From the 2000 census, 186 or 57.9% were Roman Catholic, while 51 or 15.9% belonged to the Swiss Reformed Church. Of the rest of the population, there was 1 individual who belongs to the Christian Catholic Church, and there were 34 individuals (or about 10.59% of the population) who belonged to another Christian church. There were 7 (or about 2.18% of the population) who were Islamic. There was 1 person who was Buddhist. 47 (or about 14.64% of the population) belonged to no church, are agnostic or atheist, and 11 individuals (or about 3.43% of the population) did not answer the question.

==Education==

In Undervelier about 102 or (31.8%) of the population have completed non-mandatory upper secondary education, and 16 or (5.0%) have completed additional higher education (either university or a Fachhochschule). Of the 16 who completed tertiary schooling, 62.5% were Swiss men, 18.8% were Swiss women.
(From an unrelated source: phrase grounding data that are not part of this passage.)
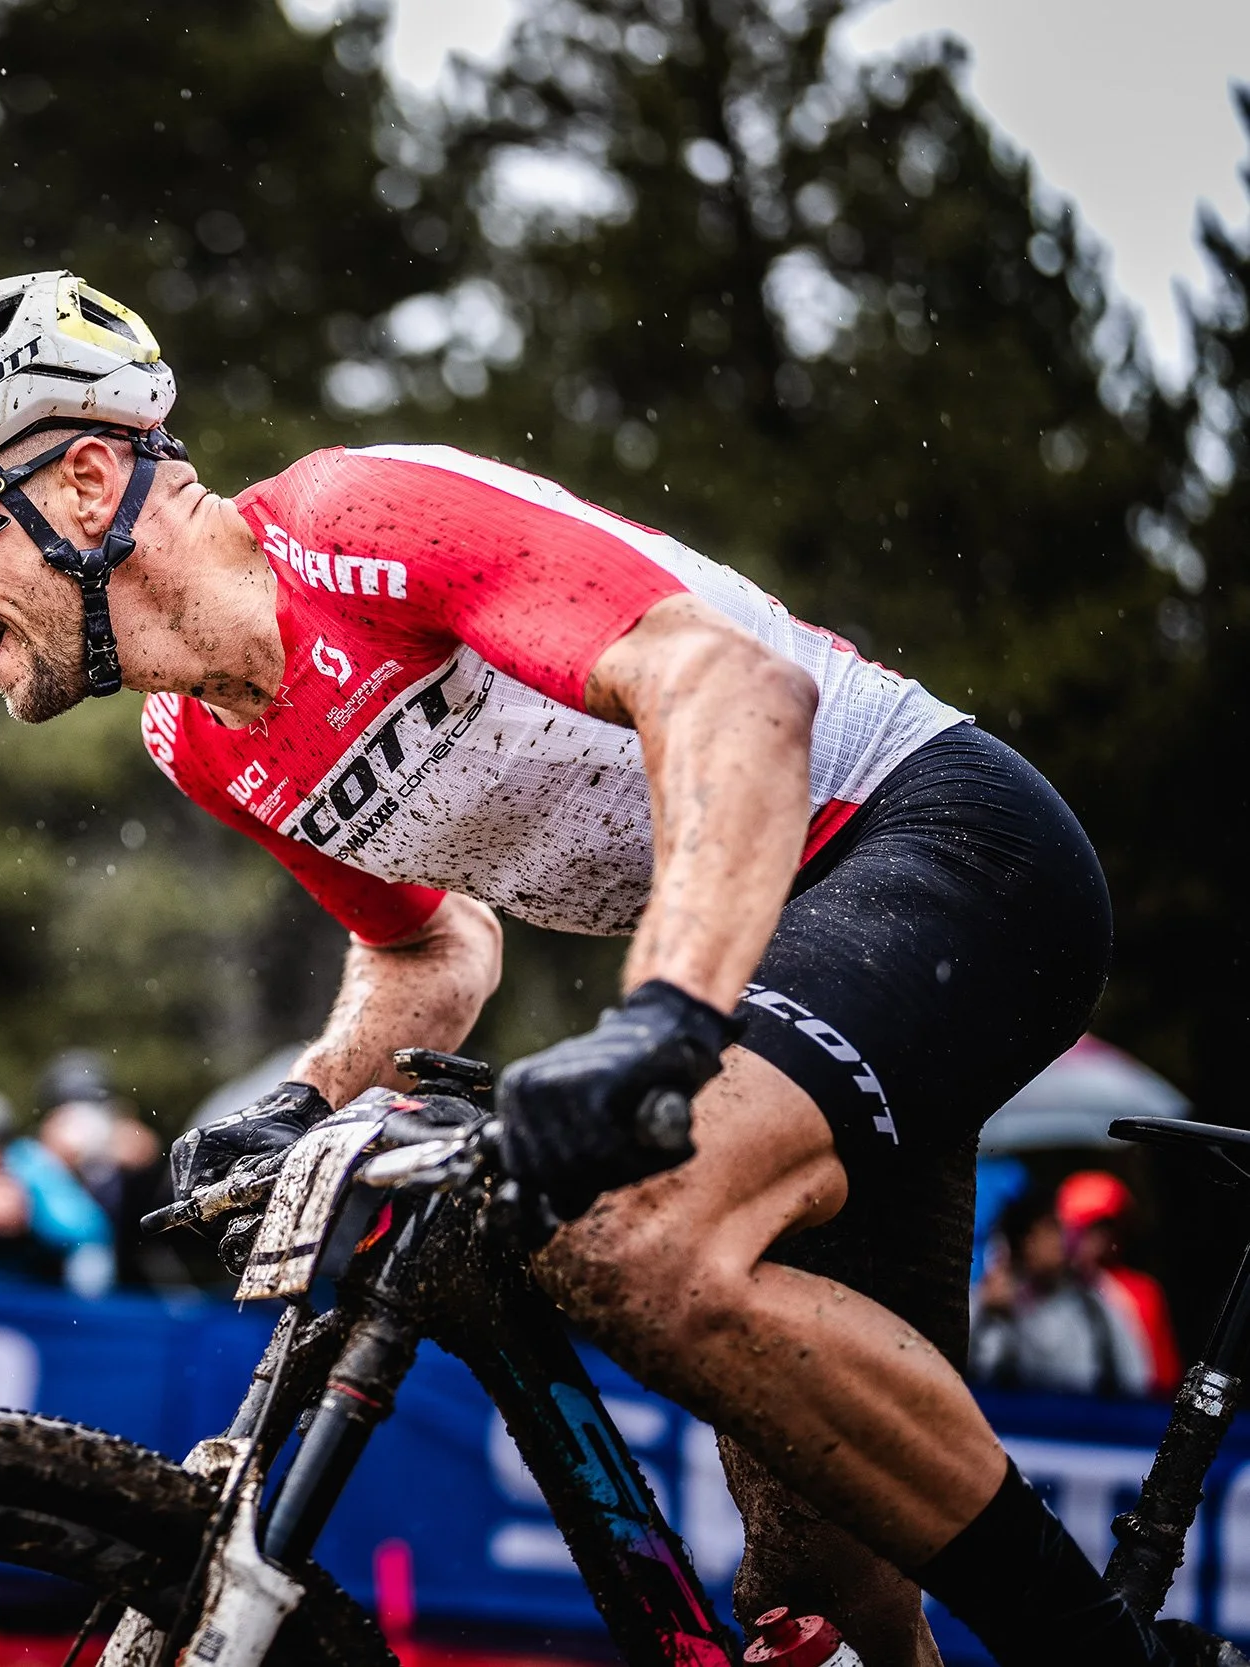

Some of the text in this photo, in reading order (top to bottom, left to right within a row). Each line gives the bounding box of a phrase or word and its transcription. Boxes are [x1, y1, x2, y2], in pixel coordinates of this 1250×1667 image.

[263, 523, 408, 600] SRAM
[326, 706, 339, 720] UCI
[329, 659, 398, 728] MOUNTAIN BIKE
[335, 665, 404, 731] WORLD SERIES
[230, 759, 269, 802] UCI
[346, 796, 400, 852] MAXXIS
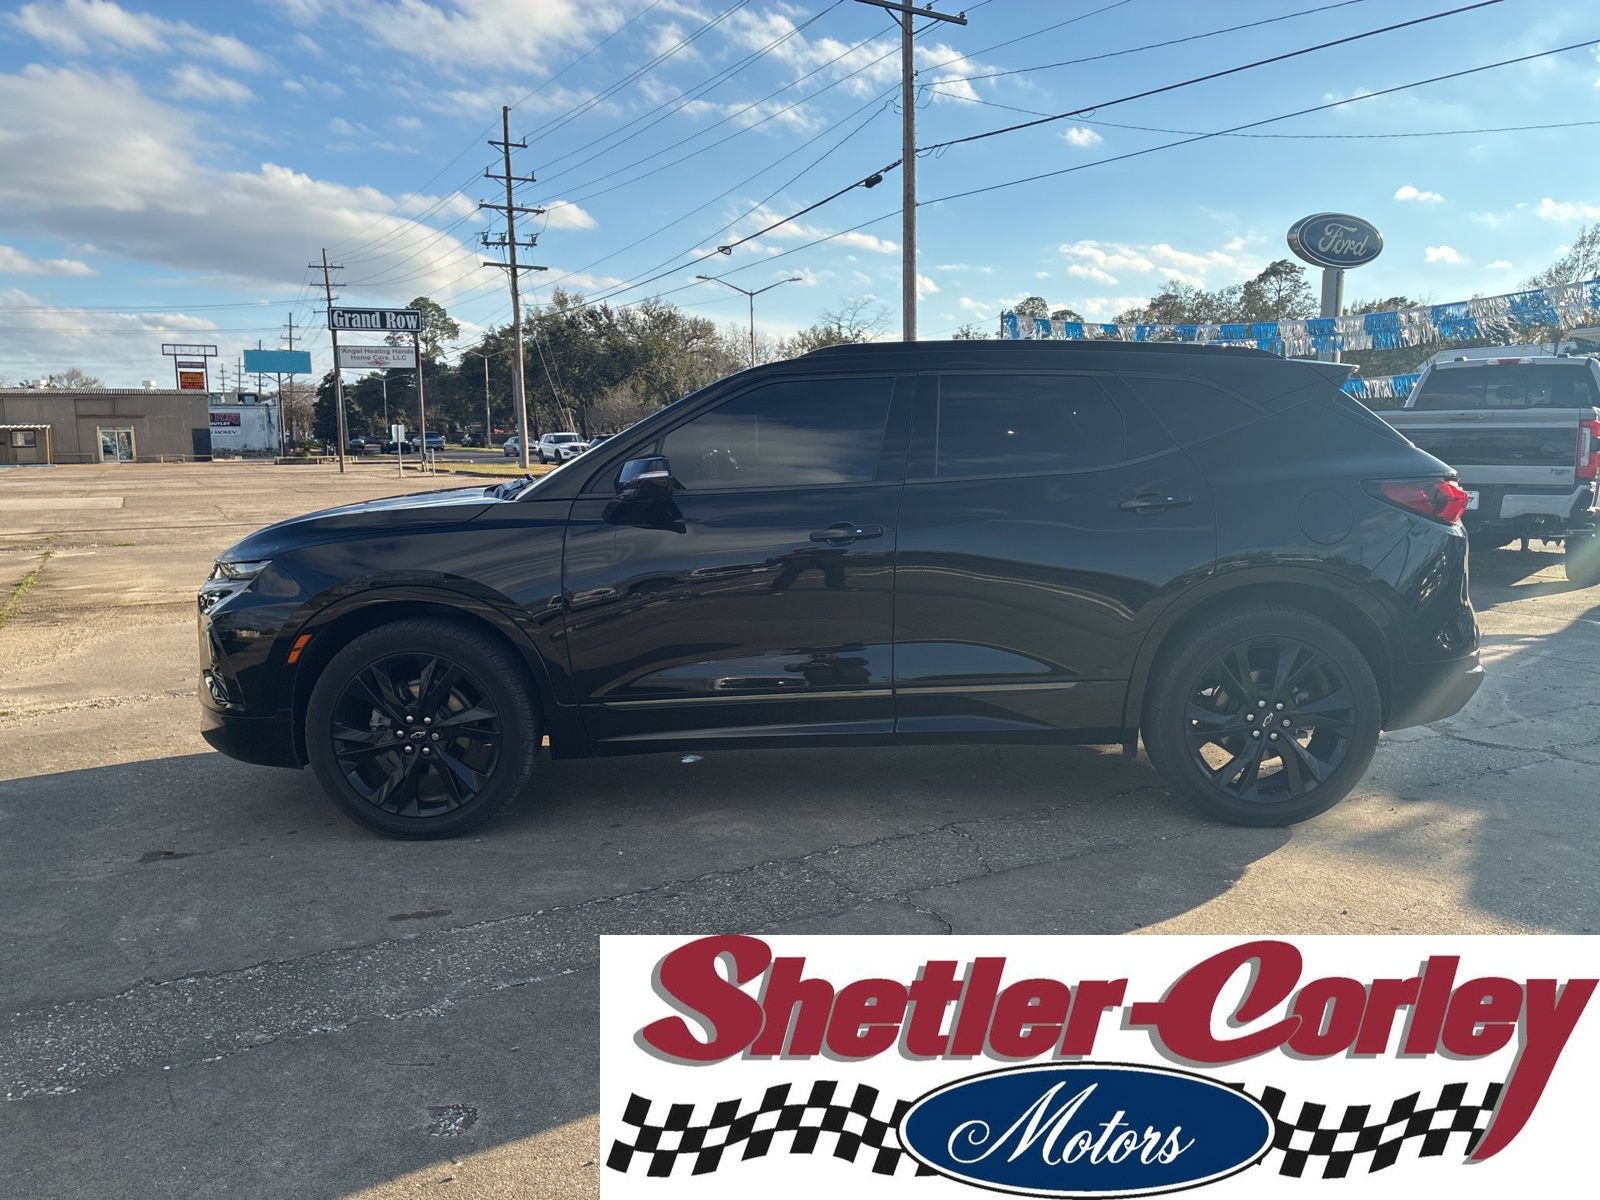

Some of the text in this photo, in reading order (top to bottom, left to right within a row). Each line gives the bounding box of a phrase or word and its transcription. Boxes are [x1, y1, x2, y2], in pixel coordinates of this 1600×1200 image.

[1318, 223, 1369, 256] Ford
[333, 310, 418, 329] Grand Row
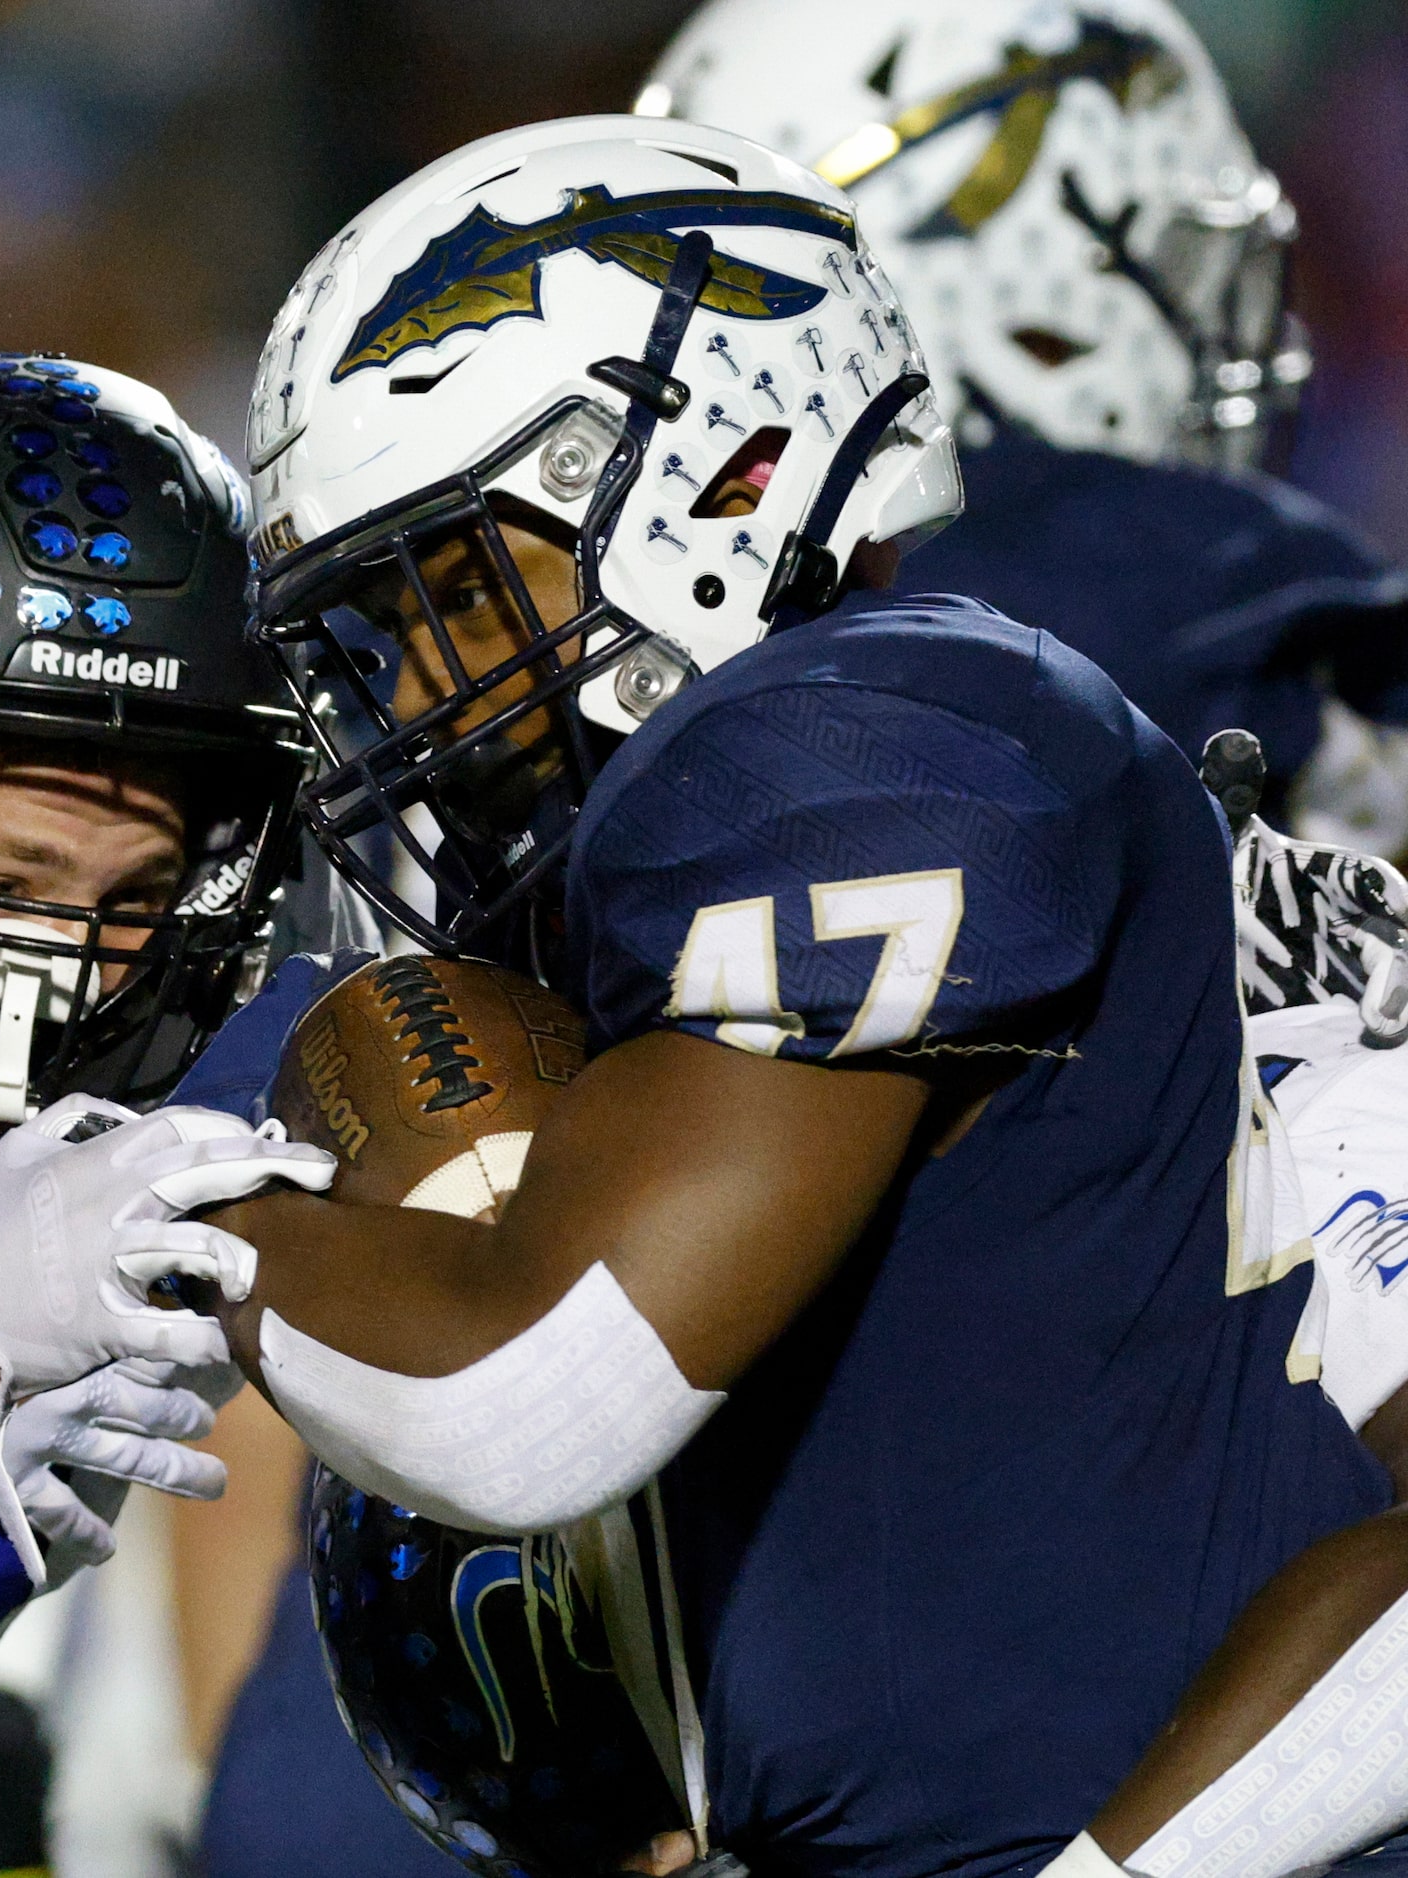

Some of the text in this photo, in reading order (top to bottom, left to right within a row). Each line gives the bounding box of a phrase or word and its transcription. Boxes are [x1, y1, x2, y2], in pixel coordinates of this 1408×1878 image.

[31, 640, 179, 690] Riddell
[663, 868, 965, 1058] 47
[299, 1015, 370, 1161] Wilson
[1200, 1768, 1270, 1831] BATTLE
The Canton of Jura school system provides two year of non-obligatory Kindergarten, followed by six years of Primary school. This is followed by three years of obligatory lower Secondary school where the students are separated according to ability and aptitude. Following the lower Secondary students may attend a three or four year optional upper Secondary school followed by some form of Tertiary school or they may enter an apprenticeship.

During the 2009-10 school year, there were no students attending school in Undervelier.

As of 2000, there were 16 students in Undervelier who came from another municipality, while 33 residents attended schools outside the municipality.